New signal helps tame busy Tryon

5.18.2009
North Tryon Street motorists, pedestrians and even cyclists have a new, safe entrance into UNC Charlotte, thanks to a joint project of the campus and the owners of Mallard Pointe Shopping Center.
The signalized intersection at the entrance to the Charlotte Research Institute allows full traffic movement across the busy highway.
Crosswalks also are helping residents of nearby apartment communities walk and bicycle safely across North Tryon Street and onto campus.
“This is significantly better,” said George Maloomian of Mallard Pointe Associates, which owns the shopping center and helped pay for the improvements. “Our tenants are very pleased with the full access. The signal makes entering and exiting much safer, and it provides linkage with the university that will grow over the years.”
The intersection improvements and traffic signal cost about $800,000, Maloomian said, with the university paying roughly a third of the expense and his company covering the rest. The project included building a new entrance to Mallard Pointe that aligned with the CRI entrance.
Motorists may notice that the signals hang from metal arms stretching across the roadway, rather than on the standard, and less expensive, metal cables strung from wooden poles. The metal poles are part of an effort to create an urban streetscape, Maloomian said, as called for in the University City Area Plan.
The new intersection also was designed with University City’s planned light rail line in mind. The latest plan calls for the LYNX Blue Line Extension to run in the North Tryon Street median but several feet below street level as it passes the CRI/Mallard Pointe intersection. A bridge will carry traffic over the sunken track, Maloomian said.

TWO MORE SIGNALS
Two other new traffic lights paid for in part by University City businesses are helping motorists and pedestrians cope with busy highways.
The traffic lights, which went into operation over the past few weeks, are at:
• North Tryon Street and Shopping Center Drive, beside the new Wal-Mart Supercenter.
• Mallard Creek Church Road and Berkeley Place Drive, at Pinnacle Point.
Safety concerns and increasing traffic on Berkeley Place Drive led Pinnacle Point’s developer to request a traffic signal.

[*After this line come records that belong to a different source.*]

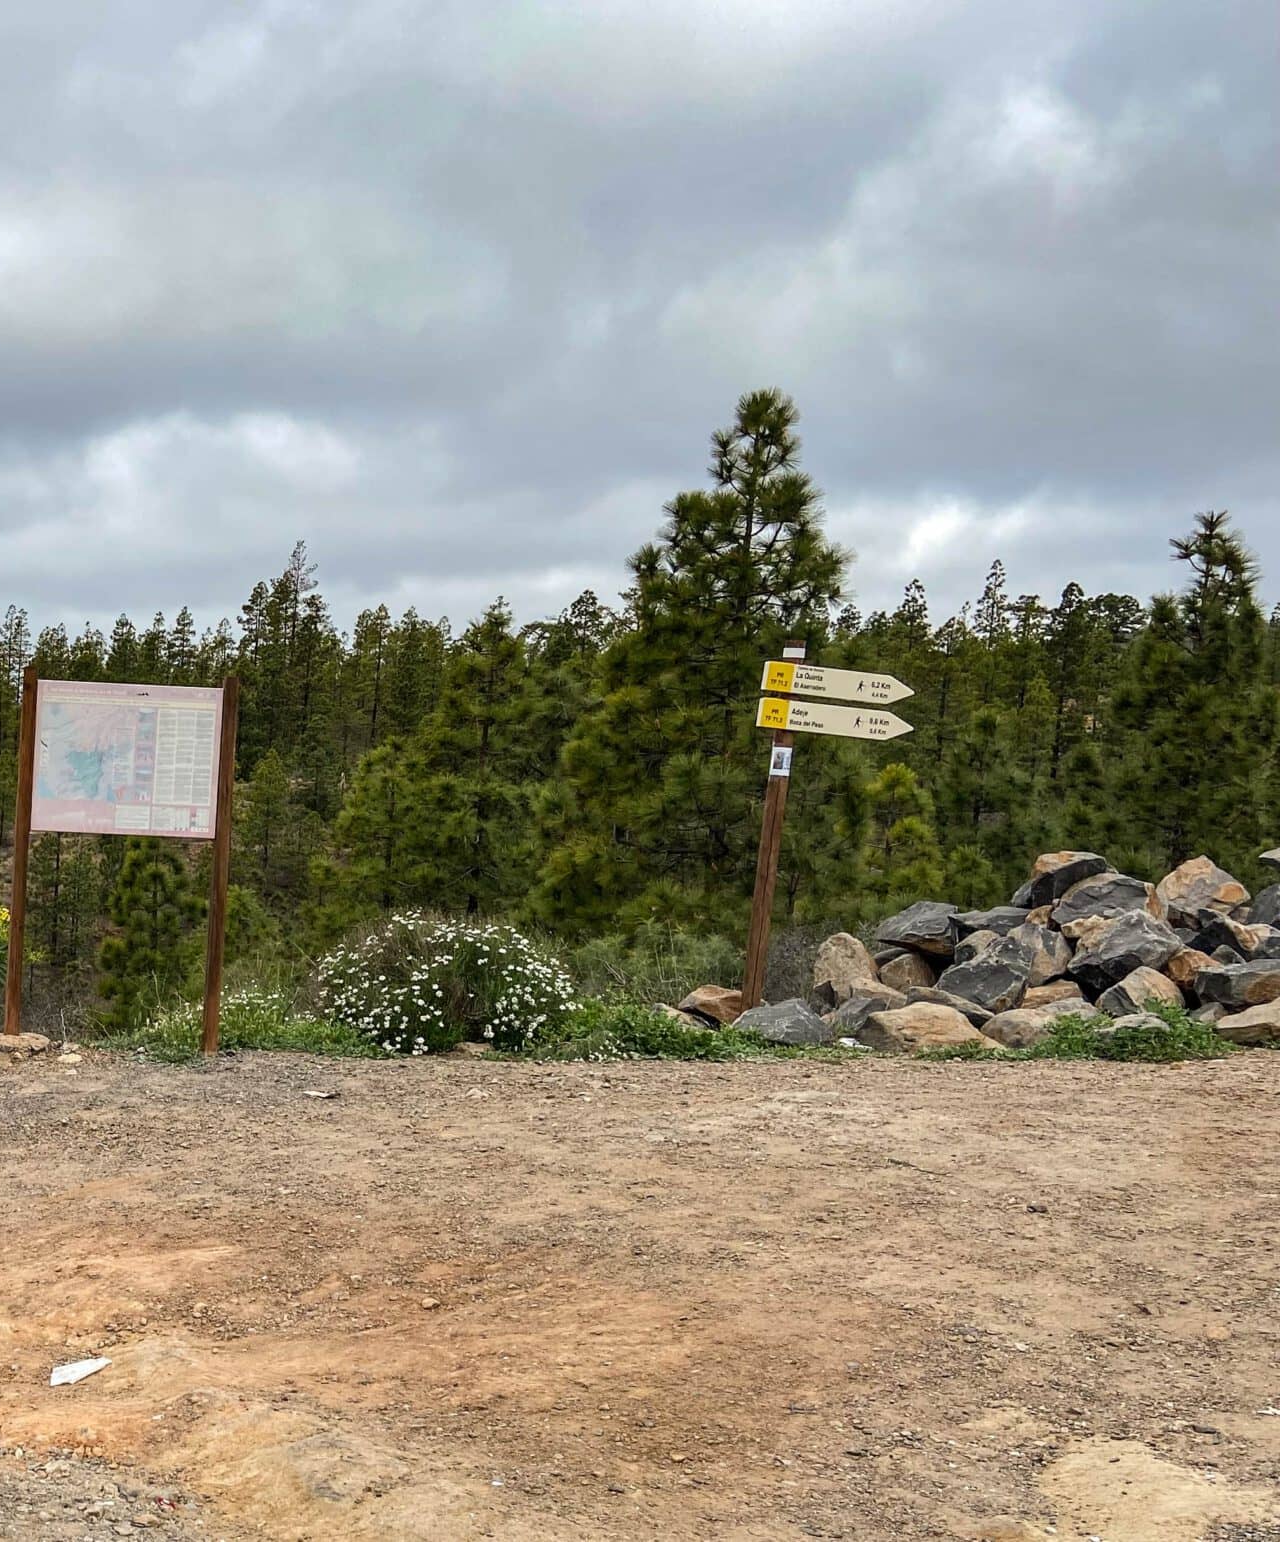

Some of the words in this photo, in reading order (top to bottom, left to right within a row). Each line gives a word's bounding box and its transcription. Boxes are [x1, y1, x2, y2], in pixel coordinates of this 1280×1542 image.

[795, 671, 803, 679] La
[804, 672, 823, 682] Quinta
[881, 682, 891, 690] Km
[791, 708, 809, 718] Adeje
[880, 719, 890, 727] Km

“The impact on current businesses should be nothing but positive,” Chris Orr, office and investment specialist for Pinnacle Properties, wrote in an e-mail. “With the traffic that is in the center for Gotta Yoga, K&W Cafeterias and Wild Wings, traffic controls were greatly needed and should be very helpful with current and future tenants and their customers.”

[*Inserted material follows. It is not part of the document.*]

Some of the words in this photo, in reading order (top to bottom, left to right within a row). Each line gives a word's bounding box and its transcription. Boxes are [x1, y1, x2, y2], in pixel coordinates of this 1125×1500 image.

Orr said the mixed-use development is about 60 percent complete.
The traffic signal at Shopping Center Drive will serve the Wal-Mart Supercenter nearing completion about a mile south of Harris Boulevard, as well as the Commons at Chancellor Park retail center, anchored by Home Depot. The new street segment eventually will connect in with the Belgate mixed-use retail and apartment development that includes the IKEA store.